<<<<

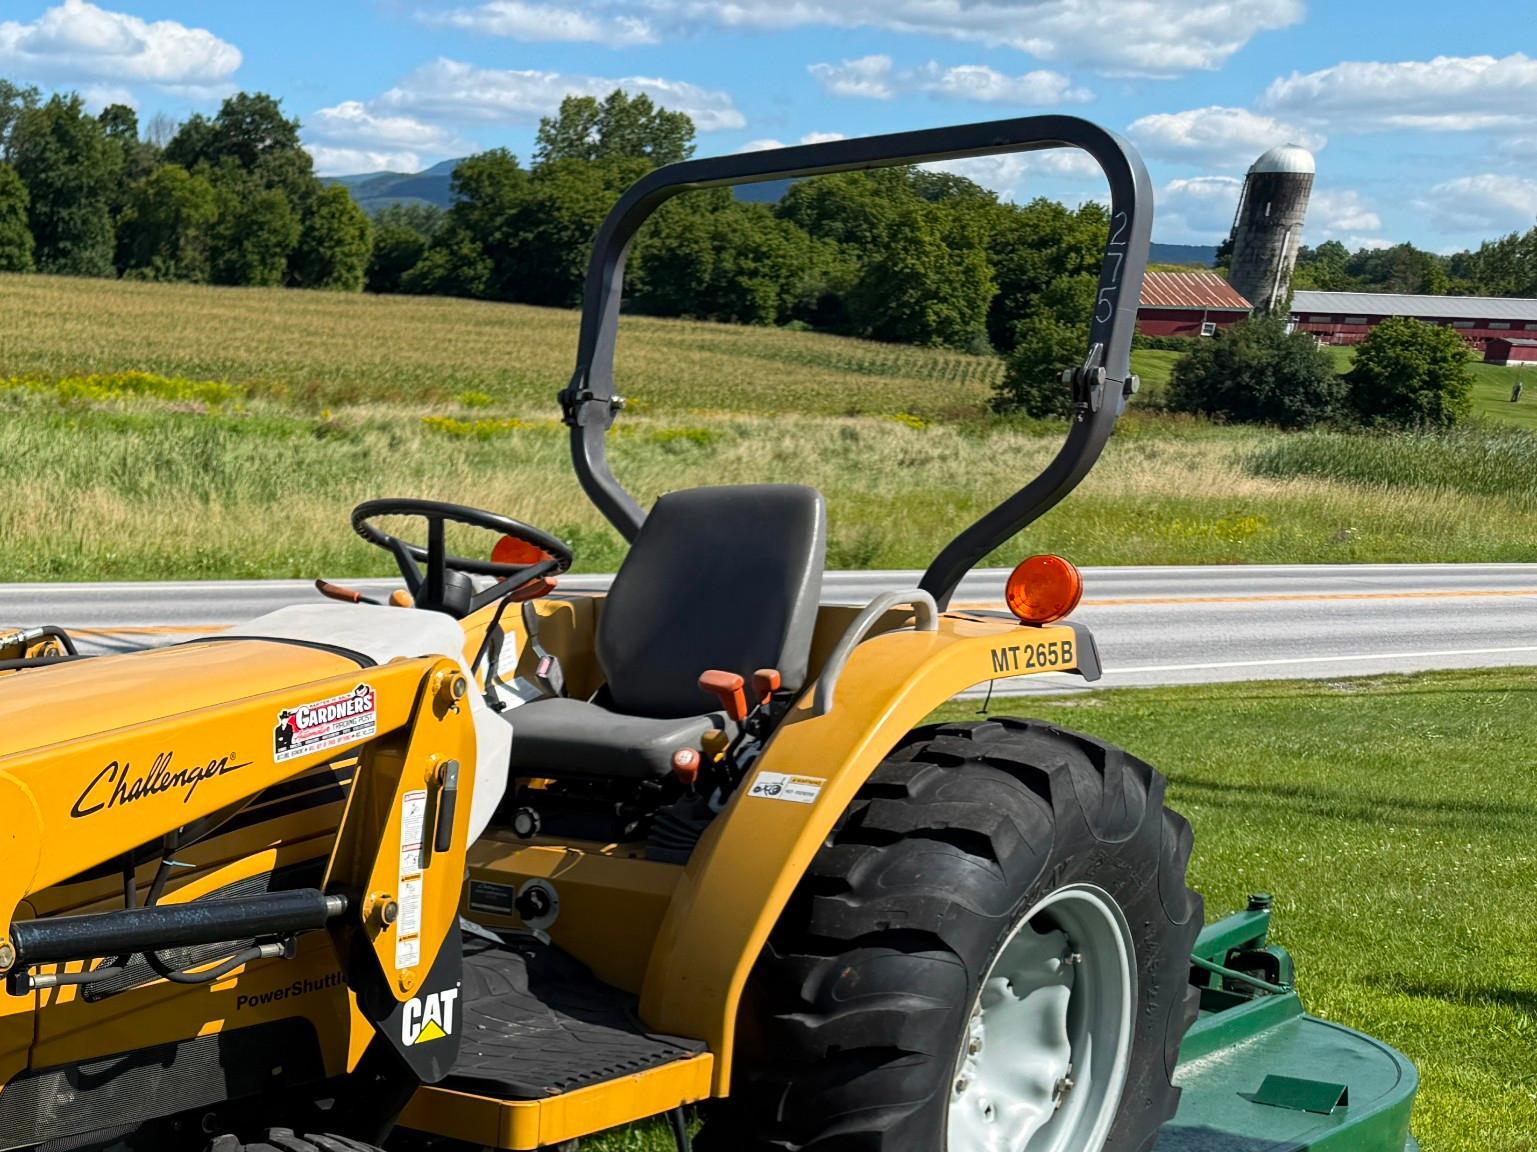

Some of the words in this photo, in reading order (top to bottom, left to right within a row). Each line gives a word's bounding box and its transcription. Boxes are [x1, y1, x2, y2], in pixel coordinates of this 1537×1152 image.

[295, 694, 373, 730] GARDNERS
[69, 751, 254, 819] Challenger
[401, 987, 459, 1047] CAT
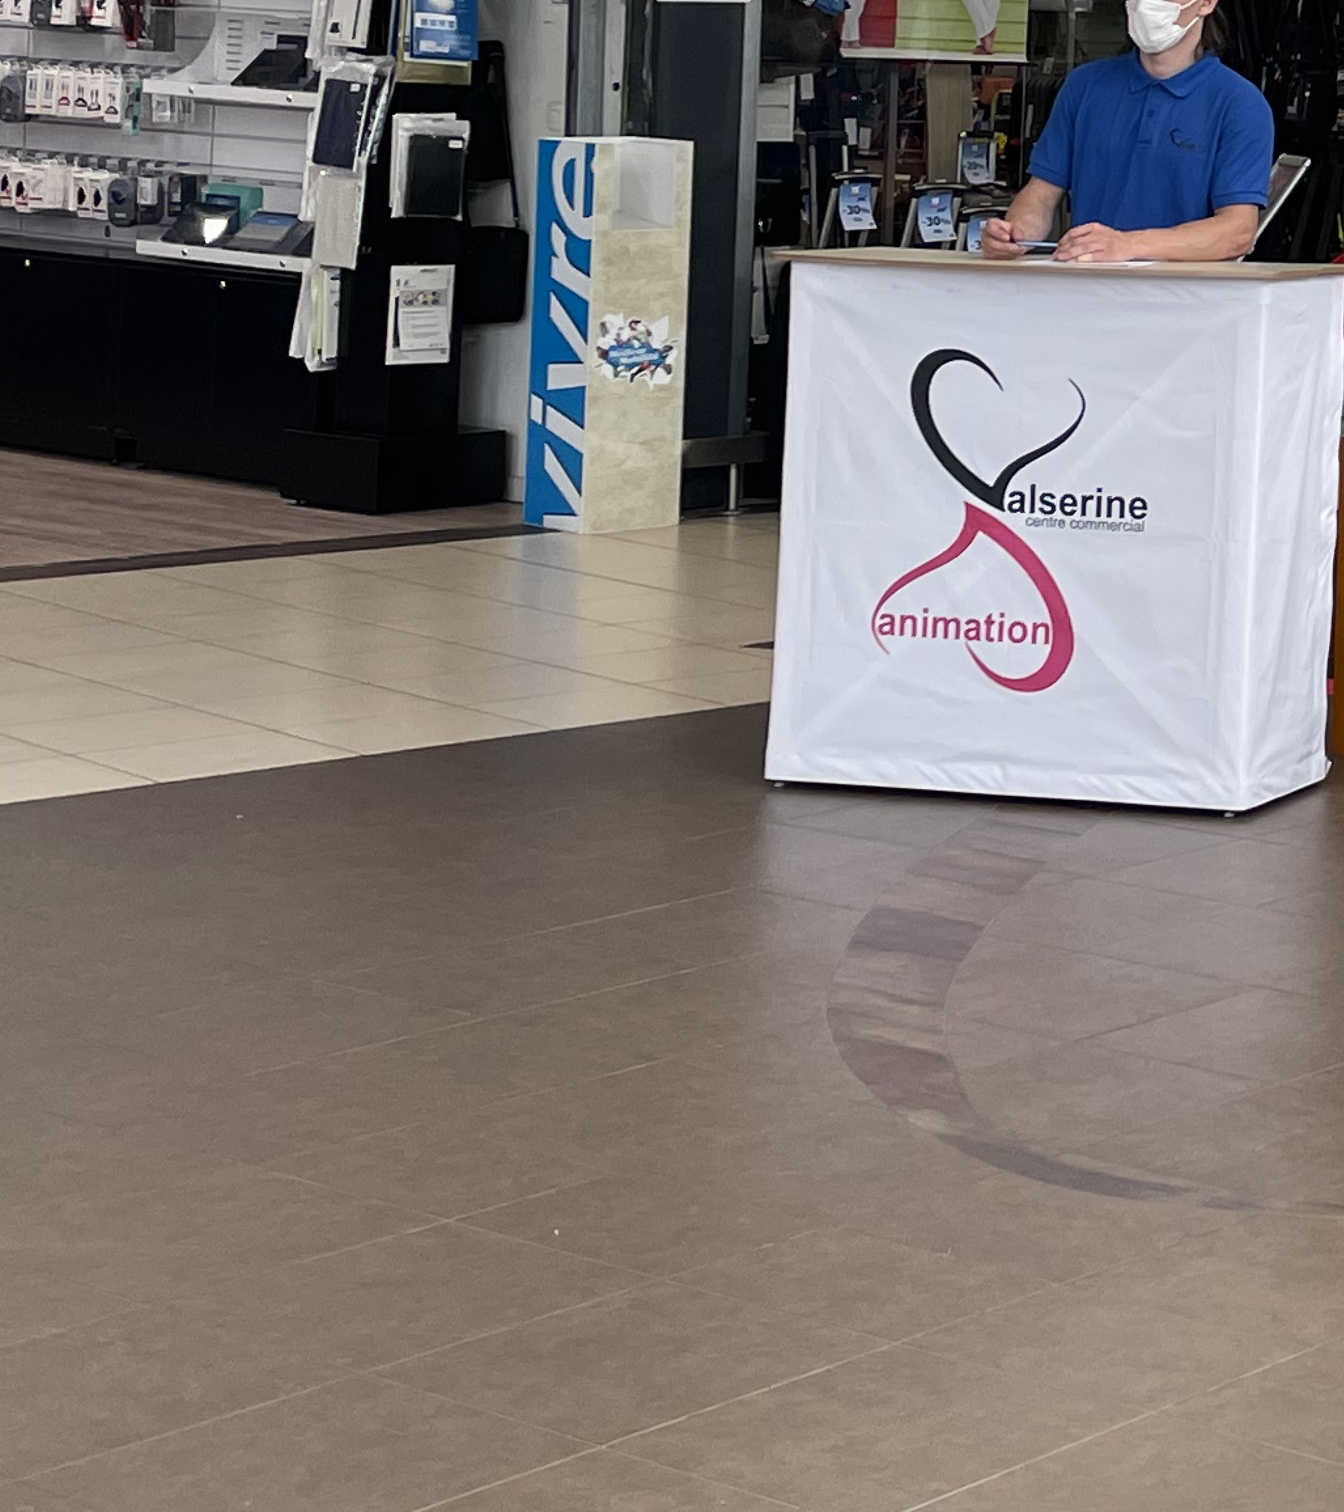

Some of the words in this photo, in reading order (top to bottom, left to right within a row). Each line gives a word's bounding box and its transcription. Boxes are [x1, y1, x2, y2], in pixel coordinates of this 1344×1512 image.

[1025, 516, 1066, 528] centre
[1069, 519, 1146, 532] commercial
[877, 607, 1050, 645] animation
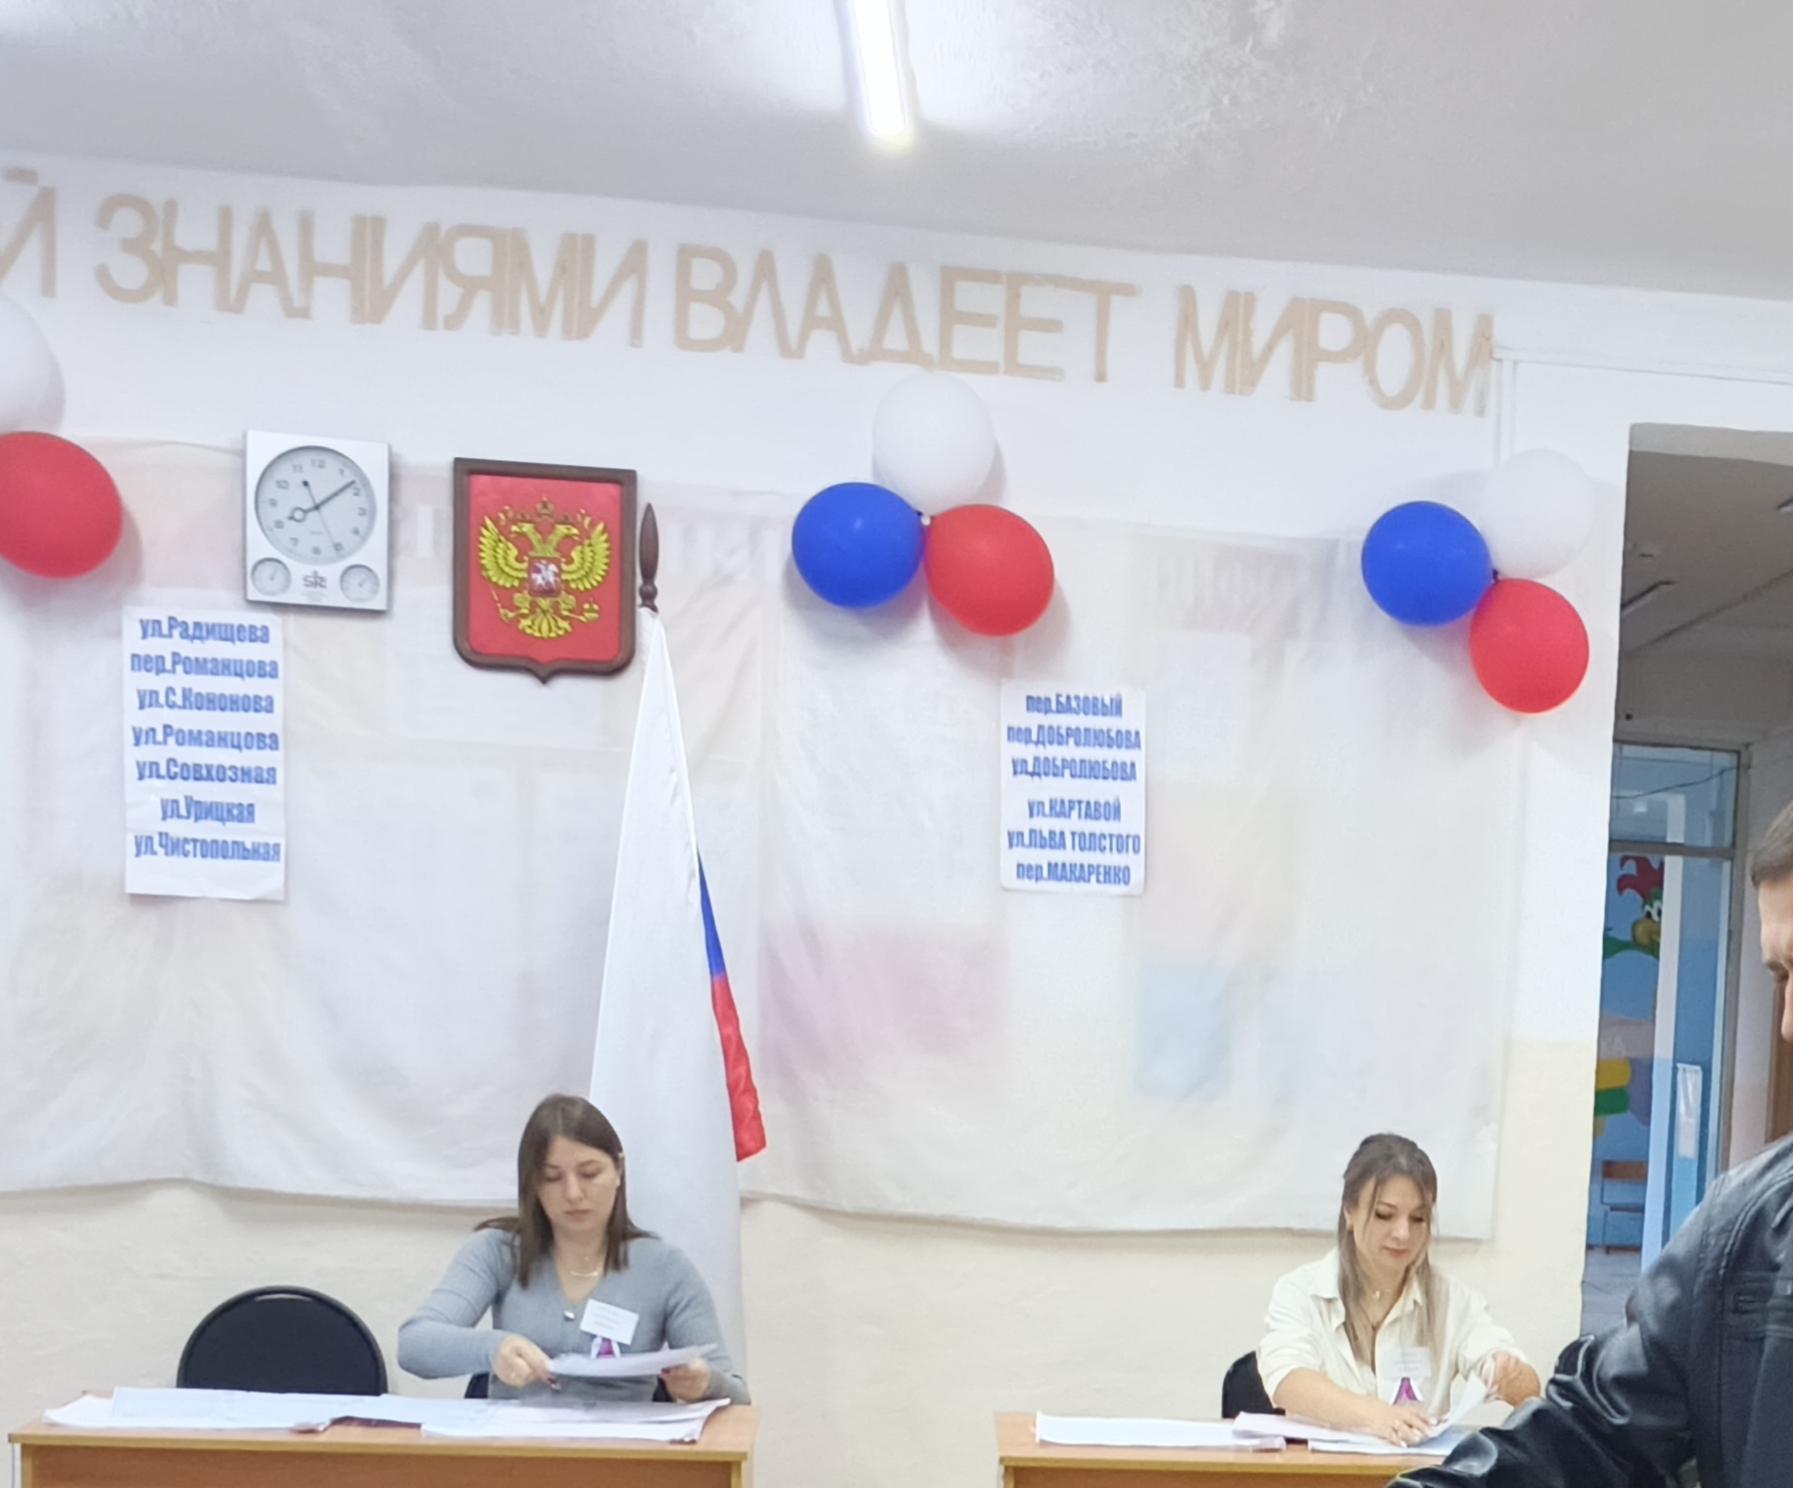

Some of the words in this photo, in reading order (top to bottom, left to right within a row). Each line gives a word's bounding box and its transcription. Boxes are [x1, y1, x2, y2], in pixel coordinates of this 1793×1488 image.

[93, 193, 648, 349] ЗНАНИЯМИ
[673, 243, 1138, 383] ВЛАДЕЕТ
[1175, 285, 1494, 417] МИРОМ
[139, 615, 270, 645] ул.Радищева
[131, 651, 279, 681] пер.Романцова
[1026, 692, 1122, 718] пер.БАЗОВЫЙ
[132, 724, 279, 753] ул.Романцова
[1007, 724, 1141, 750] пер.ДОБРОЛЮБОВА
[136, 757, 277, 785] ул.Совхозная
[1012, 756, 1136, 782] ул.ДОБРОЛЮБОВА
[160, 795, 255, 826] ул.Урицкая
[1028, 796, 1121, 822] ул.КАРТАВОЙ
[134, 832, 281, 862] ул.Чистопольная
[1007, 828, 1066, 851] ул.ЛЬВА
[1070, 830, 1141, 854] ТОЛСТОГО
[1016, 861, 1131, 886] пер.МАКАРЕНКО
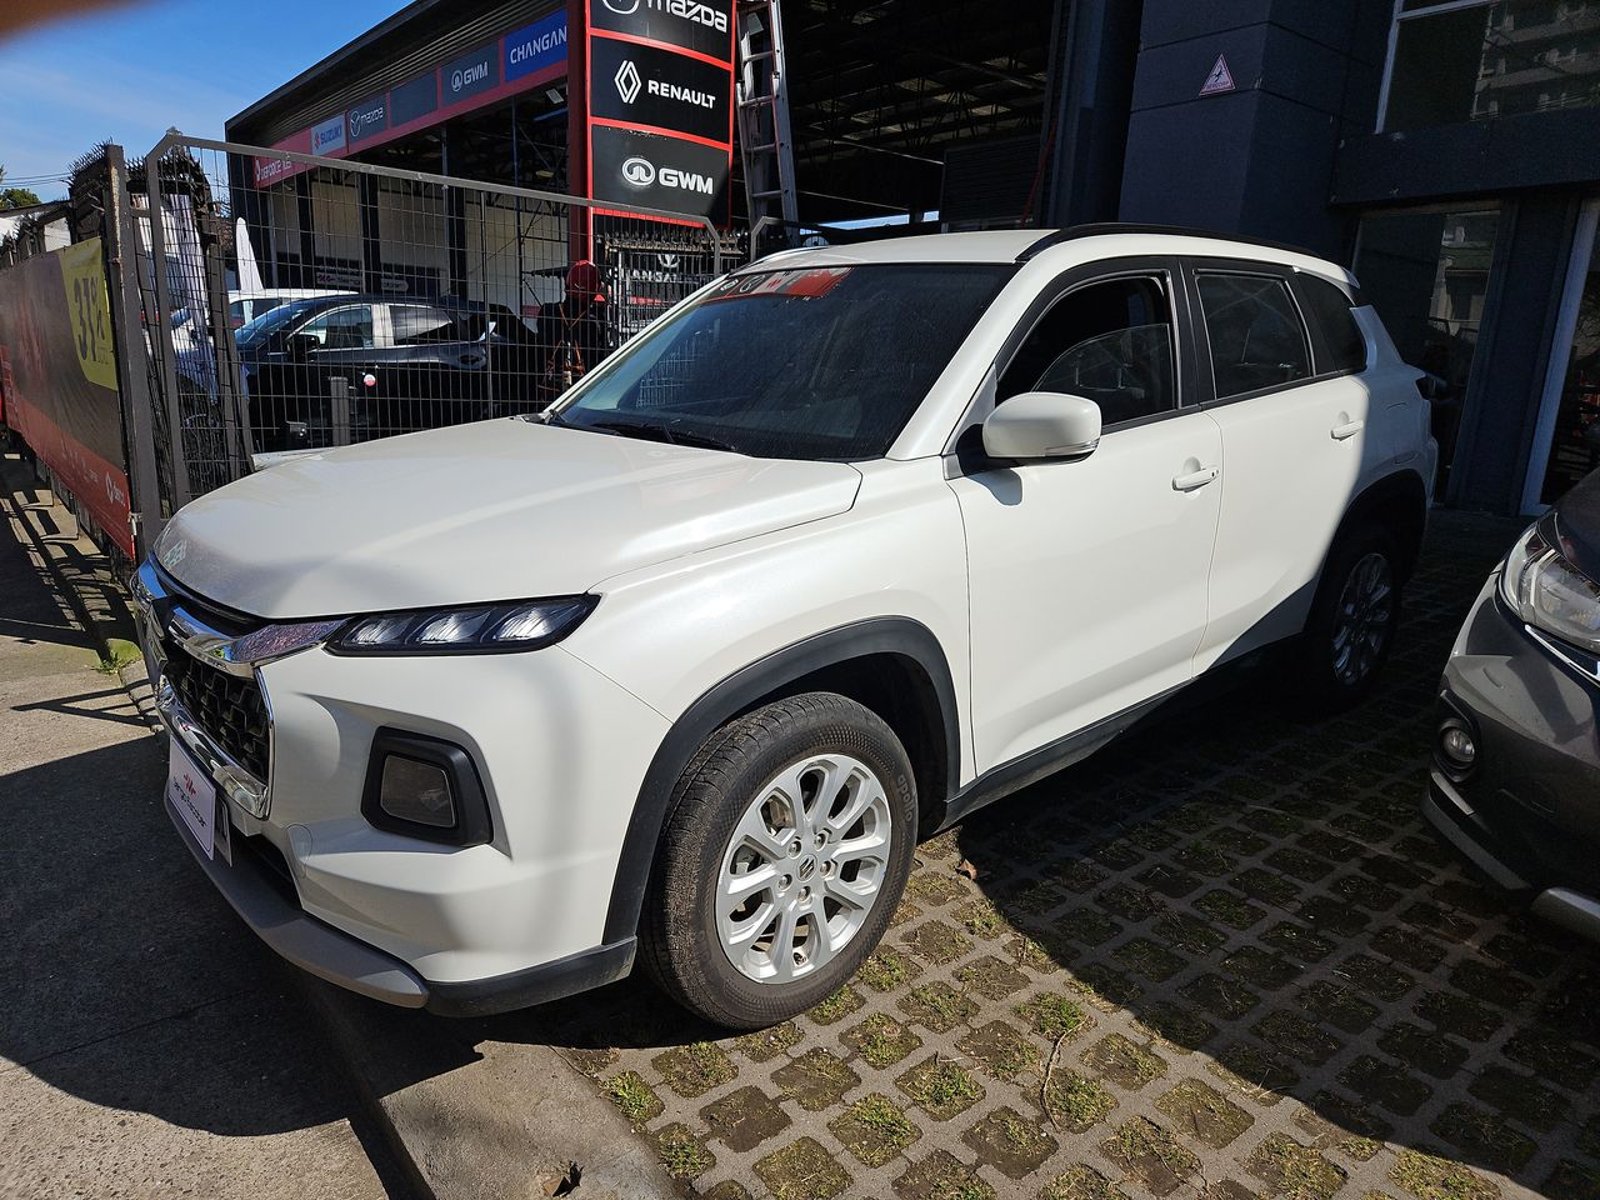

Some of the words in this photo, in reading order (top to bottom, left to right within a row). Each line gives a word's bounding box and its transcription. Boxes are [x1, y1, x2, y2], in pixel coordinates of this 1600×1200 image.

>>>>

• [WHAT YOU ARE ASKED TO DO] The entries must be repeated exactly. Leave the images out.

• [RESULT]
Some of the words in this photo, in reading order (top to bottom, left to right within a row). Each line gives a word's bounding box and its transcription. Boxes are [x1, y1, x2, y2], in pixel coordinates of this 1537×1152 image.

[295, 694, 373, 730] GARDNERS
[69, 751, 254, 819] Challenger
[401, 987, 459, 1047] CAT

Some of the words in this photo, in reading order (top to bottom, left to right within a row). Each line gives a word's bounding box and its transcription. Boxes are [x1, y1, x2, y2], in pixel coordinates of this 1344×1512 image.

[1025, 516, 1066, 528] centre
[1069, 519, 1146, 532] commercial
[877, 607, 1050, 645] animation

Some of the words in this photo, in reading order (top to bottom, left to right within a row). Each line gives a word's bounding box and its transcription. Boxes are [x1, y1, x2, y2], in pixel coordinates of this 1793×1488 image.

[93, 193, 648, 349] ЗНАНИЯМИ
[673, 243, 1138, 383] ВЛАДЕЕТ
[1175, 285, 1494, 417] МИРОМ
[139, 615, 270, 645] ул.Радищева
[131, 651, 279, 681] пер.Романцова
[1026, 692, 1122, 718] пер.БАЗОВЫЙ
[132, 724, 279, 753] ул.Романцова
[1007, 724, 1141, 750] пер.ДОБРОЛЮБОВА
[136, 757, 277, 785] ул.Совхозная
[1012, 756, 1136, 782] ул.ДОБРОЛЮБОВА
[160, 795, 255, 826] ул.Урицкая
[1028, 796, 1121, 822] ул.КАРТАВОЙ
[134, 832, 281, 862] ул.Чистопольная
[1007, 828, 1066, 851] ул.ЛЬВА
[1070, 830, 1141, 854] ТОЛСТОГО
[1016, 861, 1131, 886] пер.МАКАРЕНКО

Some of the words in this photo, in reading order (top to bottom, left to right within a row). Each line gives a word's bounding box and its transcription. Boxes are [x1, y1, x2, y2], in pixel coordinates of this 1600×1200 image.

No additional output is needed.